WORK ORDER -
Treat the line containing "Some of the text" as the first line of the answer and the last line of the data as its final line, reproducing every line between exactly.

※ ※ ※

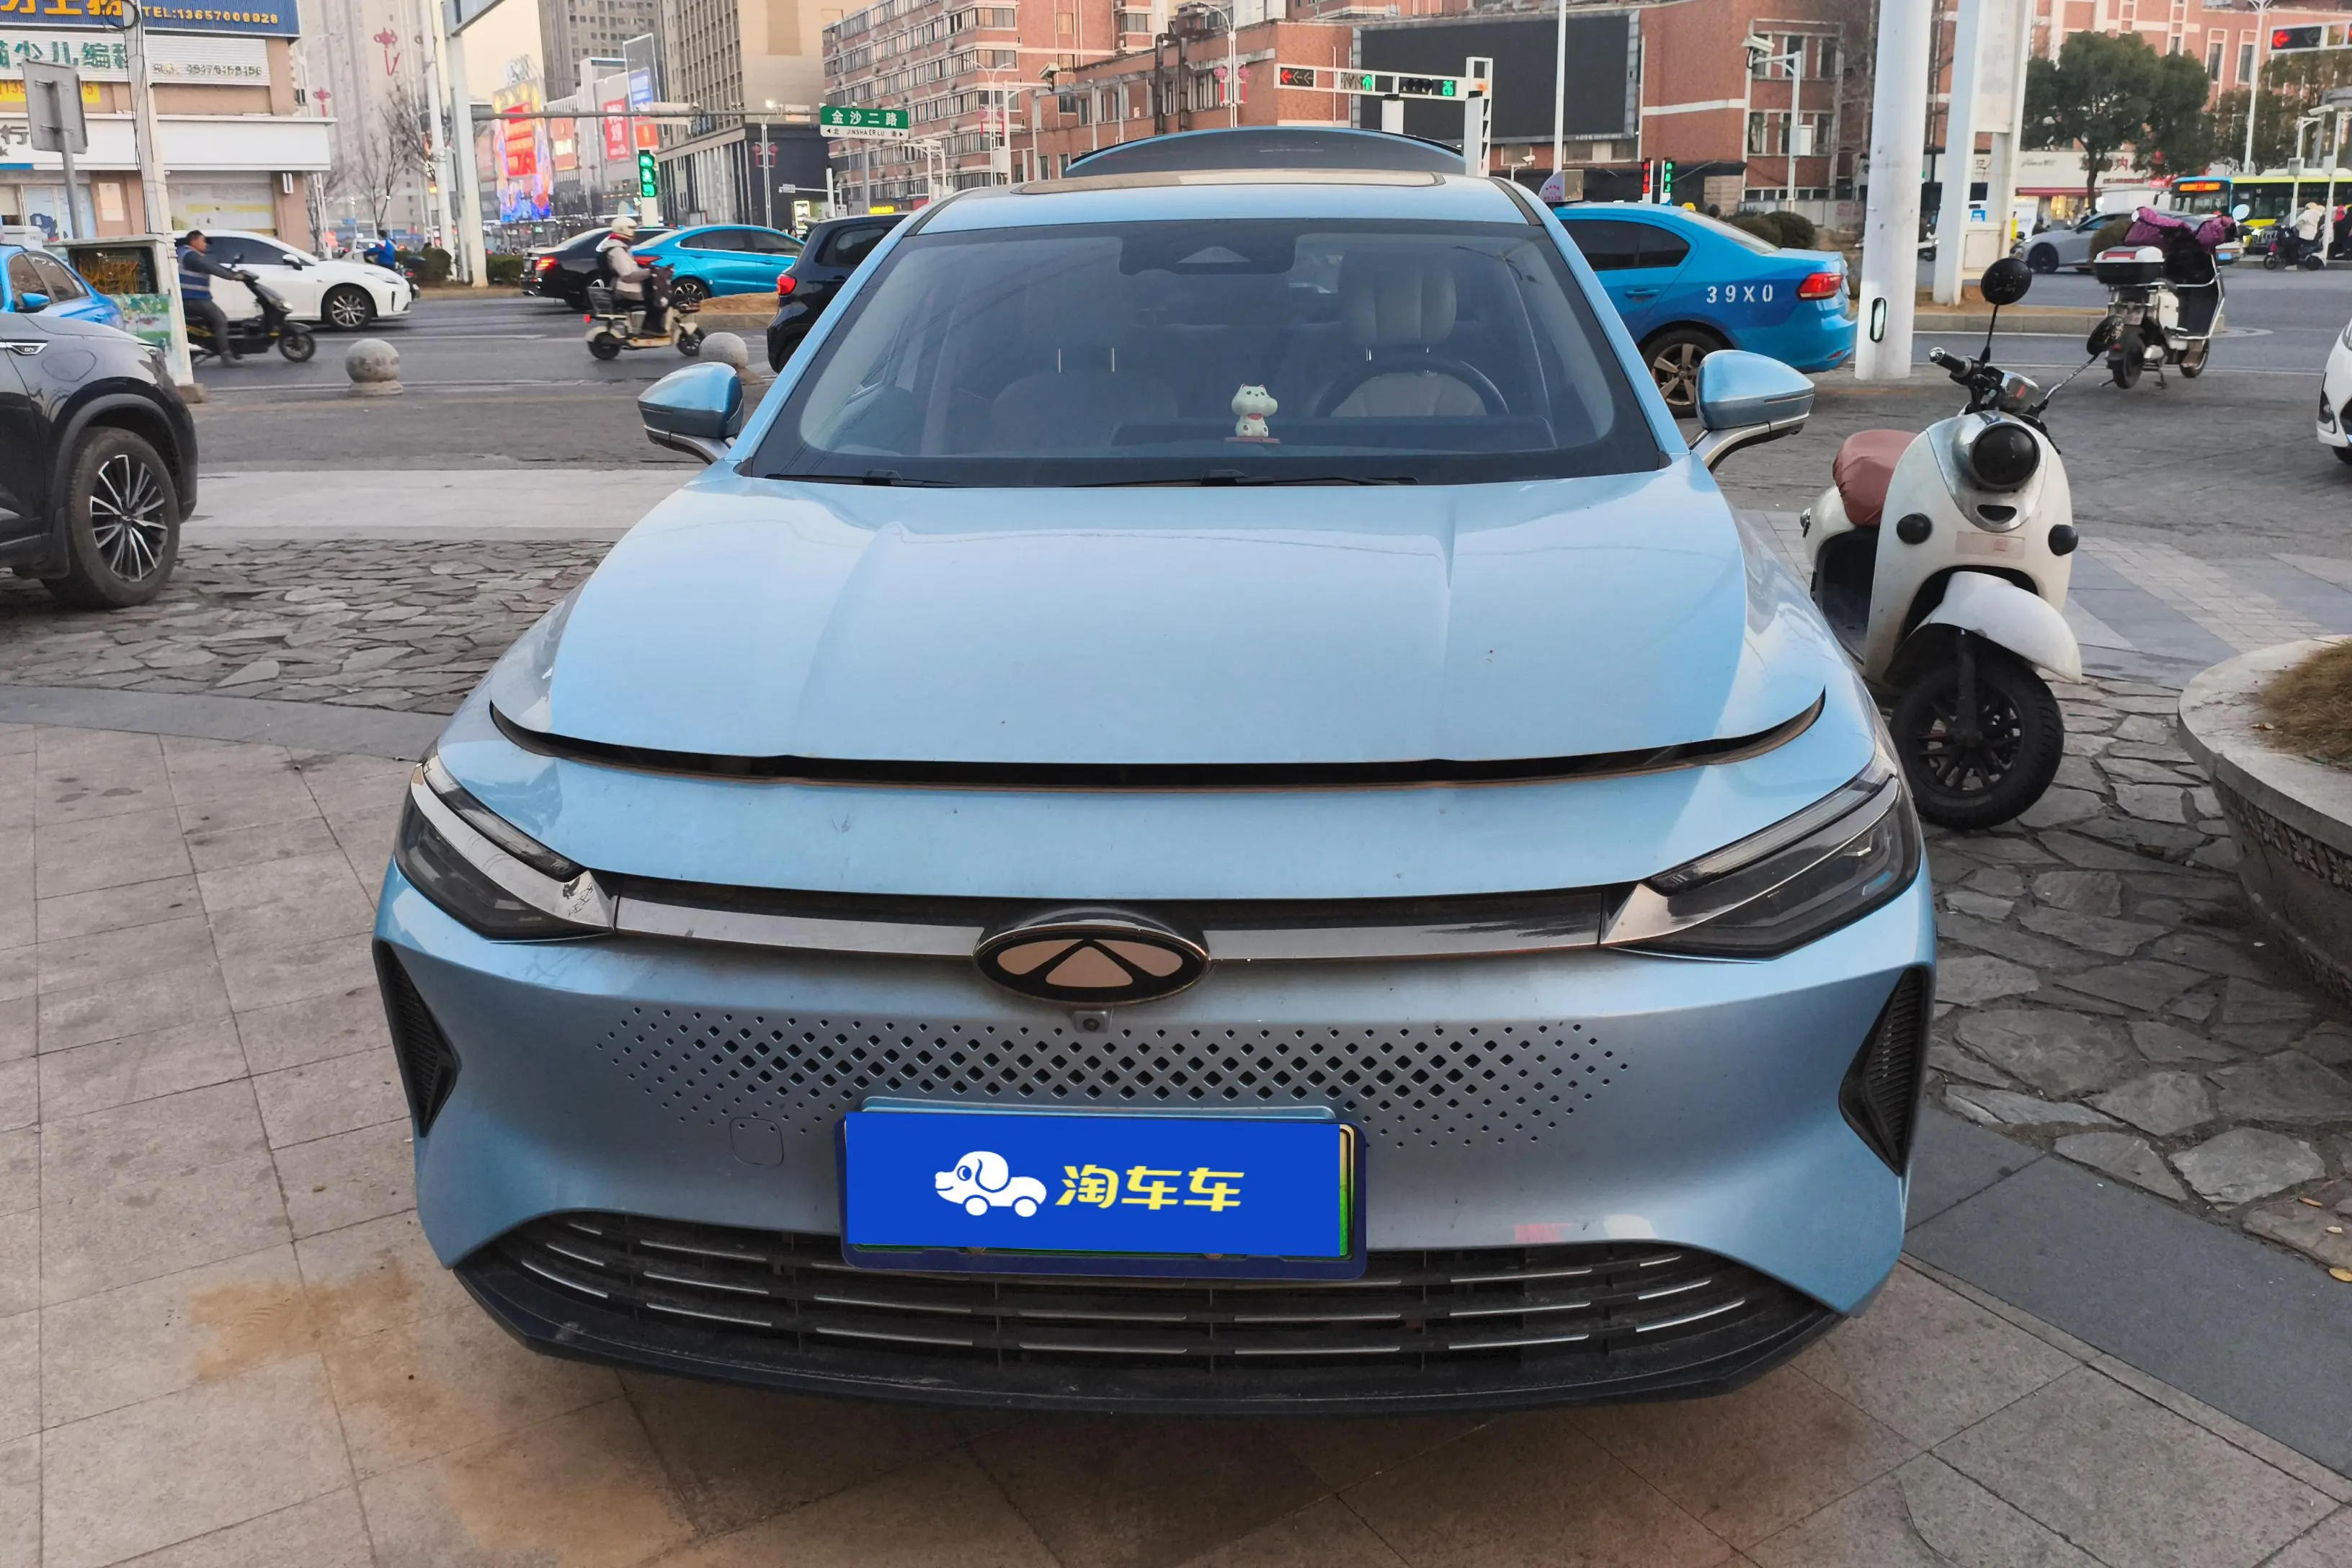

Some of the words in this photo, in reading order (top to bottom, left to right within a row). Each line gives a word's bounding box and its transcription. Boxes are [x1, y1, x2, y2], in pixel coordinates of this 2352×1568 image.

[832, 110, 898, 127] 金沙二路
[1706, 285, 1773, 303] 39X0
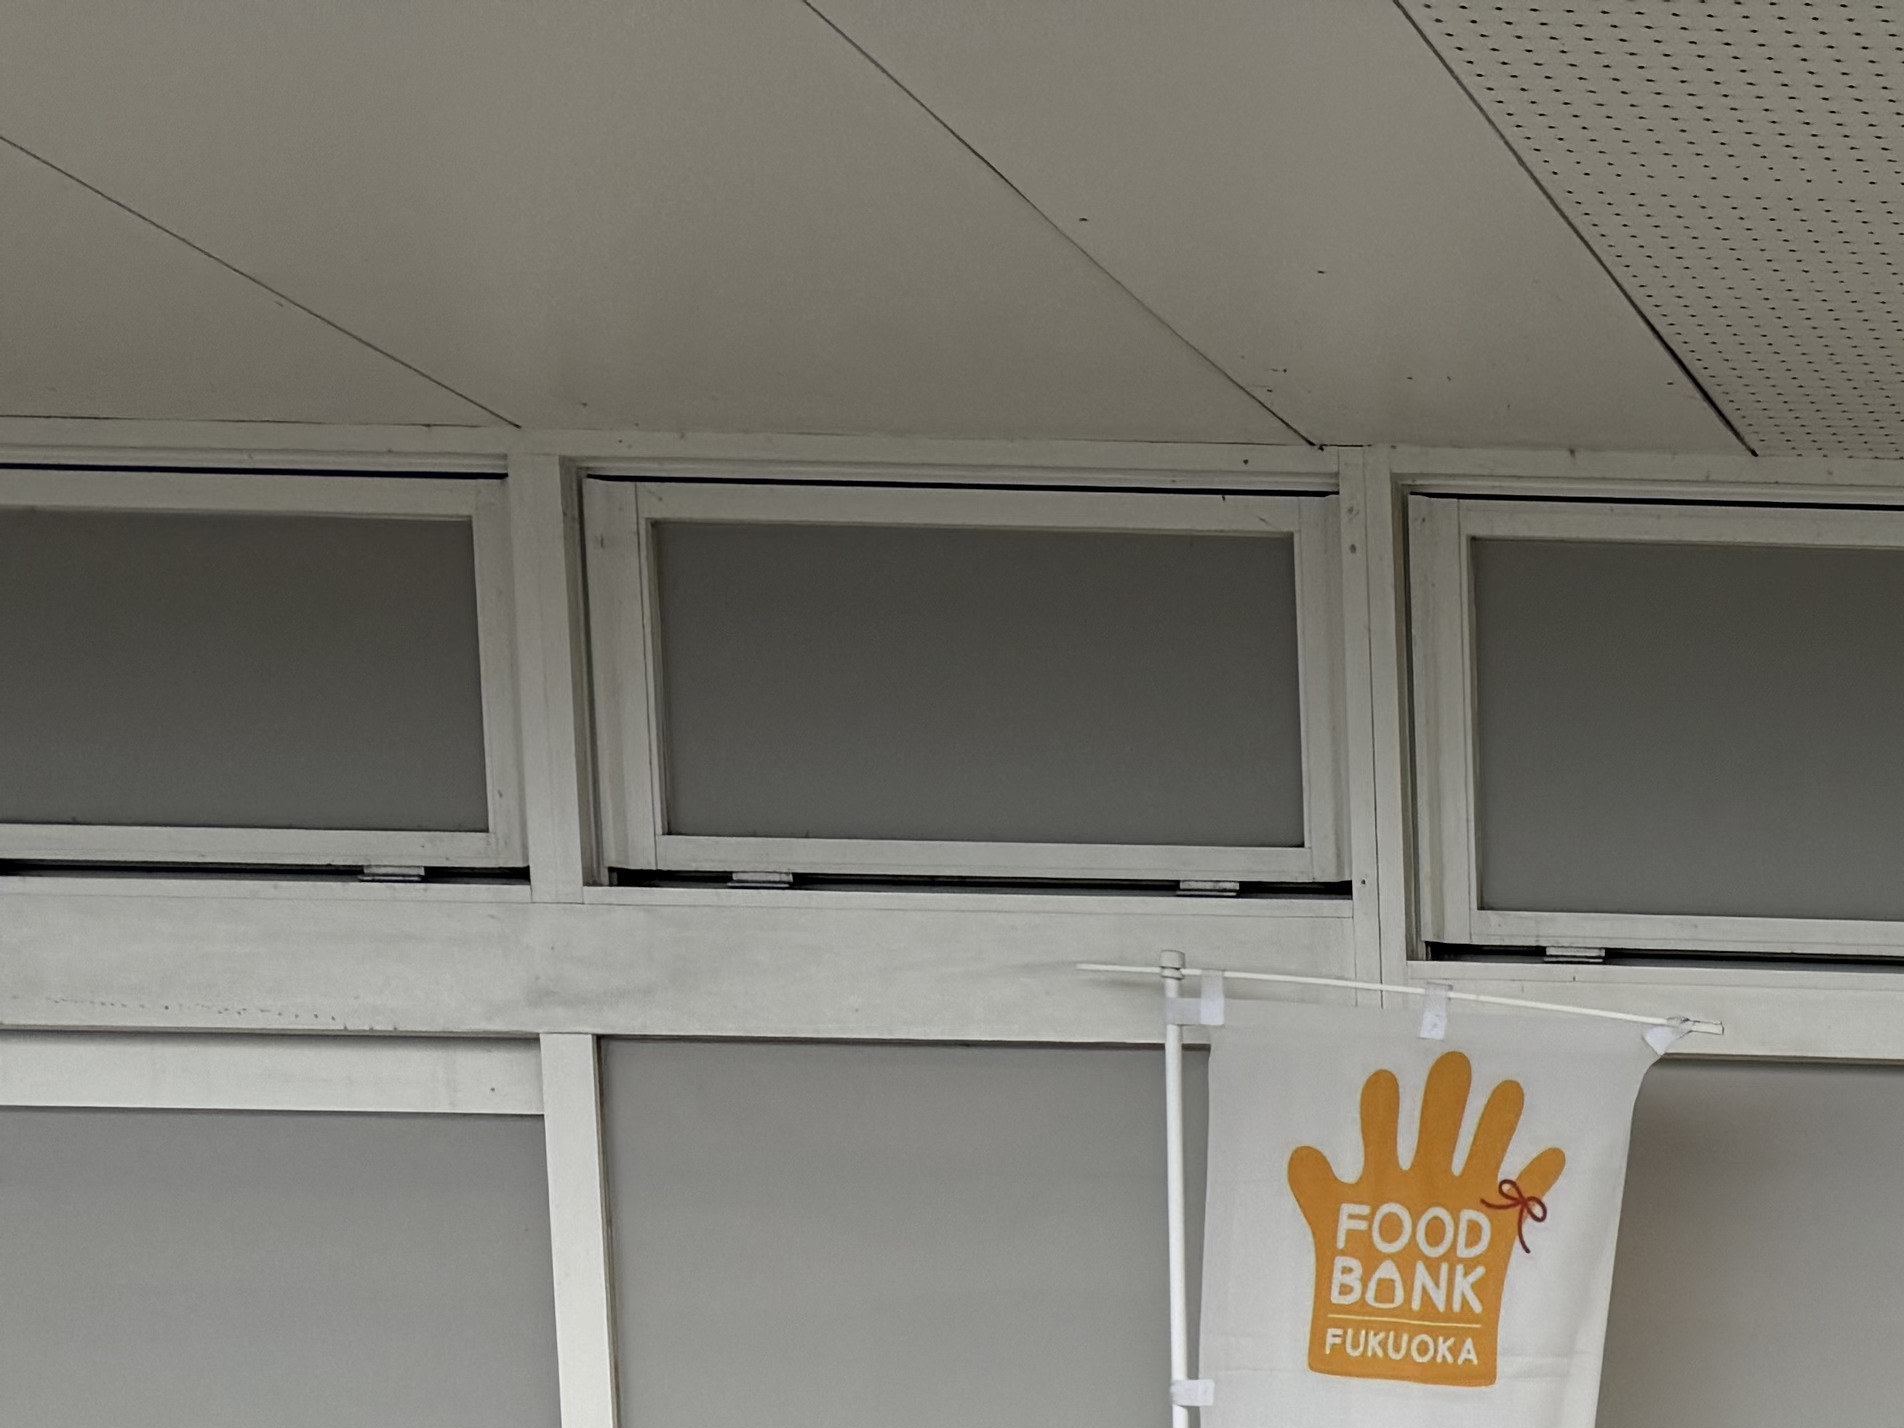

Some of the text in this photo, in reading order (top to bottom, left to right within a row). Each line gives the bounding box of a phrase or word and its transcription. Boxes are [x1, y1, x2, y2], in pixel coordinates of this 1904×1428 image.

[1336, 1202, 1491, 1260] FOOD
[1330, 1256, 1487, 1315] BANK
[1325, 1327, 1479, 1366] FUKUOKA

※ ※ ※

SOLUTION TO THIS EXERCISE -
Some of the text in this photo, in reading order (top to bottom, left to right within a row). Each line gives the bounding box of a phrase or word and its transcription. Boxes are [x1, y1, x2, y2], in pixel coordinates of this 1904×1428 image.

[1336, 1202, 1491, 1260] FOOD
[1330, 1256, 1487, 1315] BANK
[1325, 1327, 1479, 1366] FUKUOKA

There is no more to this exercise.